To do:
Please give the data again in full, exactly as it reads.

Records to process Block Start

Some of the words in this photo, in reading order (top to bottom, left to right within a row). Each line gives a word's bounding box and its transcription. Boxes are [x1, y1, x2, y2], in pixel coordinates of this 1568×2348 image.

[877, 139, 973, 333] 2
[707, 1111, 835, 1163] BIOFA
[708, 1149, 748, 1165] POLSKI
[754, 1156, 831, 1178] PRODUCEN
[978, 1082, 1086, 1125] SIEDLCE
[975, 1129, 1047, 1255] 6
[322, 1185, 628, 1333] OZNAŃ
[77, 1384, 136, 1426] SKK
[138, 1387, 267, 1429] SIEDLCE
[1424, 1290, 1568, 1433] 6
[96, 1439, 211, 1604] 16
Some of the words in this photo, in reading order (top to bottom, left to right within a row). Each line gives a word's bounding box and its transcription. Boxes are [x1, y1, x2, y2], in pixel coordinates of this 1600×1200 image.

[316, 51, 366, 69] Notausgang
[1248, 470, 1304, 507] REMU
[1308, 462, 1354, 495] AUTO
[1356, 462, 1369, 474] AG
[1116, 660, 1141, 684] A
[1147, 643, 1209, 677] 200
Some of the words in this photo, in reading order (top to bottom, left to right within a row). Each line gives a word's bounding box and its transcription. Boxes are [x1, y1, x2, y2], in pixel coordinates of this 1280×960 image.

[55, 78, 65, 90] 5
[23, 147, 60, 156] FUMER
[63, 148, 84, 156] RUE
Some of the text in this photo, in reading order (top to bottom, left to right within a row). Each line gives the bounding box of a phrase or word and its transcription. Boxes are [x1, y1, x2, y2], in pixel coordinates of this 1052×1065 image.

Records to process Block End

Exercise result:
Some of the words in this photo, in reading order (top to bottom, left to right within a row). Each line gives a word's bounding box and its transcription. Boxes are [x1, y1, x2, y2], in pixel coordinates of this 1568×2348 image.

[877, 139, 973, 333] 2
[707, 1111, 835, 1163] BIOFA
[708, 1149, 748, 1165] POLSKI
[754, 1156, 831, 1178] PRODUCEN
[978, 1082, 1086, 1125] SIEDLCE
[975, 1129, 1047, 1255] 6
[322, 1185, 628, 1333] OZNAŃ
[77, 1384, 136, 1426] SKK
[138, 1387, 267, 1429] SIEDLCE
[1424, 1290, 1568, 1433] 6
[96, 1439, 211, 1604] 16
Some of the words in this photo, in reading order (top to bottom, left to right within a row). Each line gives a word's bounding box and its transcription. Boxes are [x1, y1, x2, y2], in pixel coordinates of this 1600×1200 image.

[316, 51, 366, 69] Notausgang
[1248, 470, 1304, 507] REMU
[1308, 462, 1354, 495] AUTO
[1356, 462, 1369, 474] AG
[1116, 660, 1141, 684] A
[1147, 643, 1209, 677] 200
Some of the words in this photo, in reading order (top to bottom, left to right within a row). Each line gives a word's bounding box and its transcription. Boxes are [x1, y1, x2, y2], in pixel coordinates of this 1280×960 image.

[55, 78, 65, 90] 5
[23, 147, 60, 156] FUMER
[63, 148, 84, 156] RUE
Some of the text in this photo, in reading order (top to bottom, left to right within a row). Each line gives the bounding box of a phrase or word and its transcription. Boxes are [x1, y1, x2, y2], in pixel coordinates of this 1052×1065 image.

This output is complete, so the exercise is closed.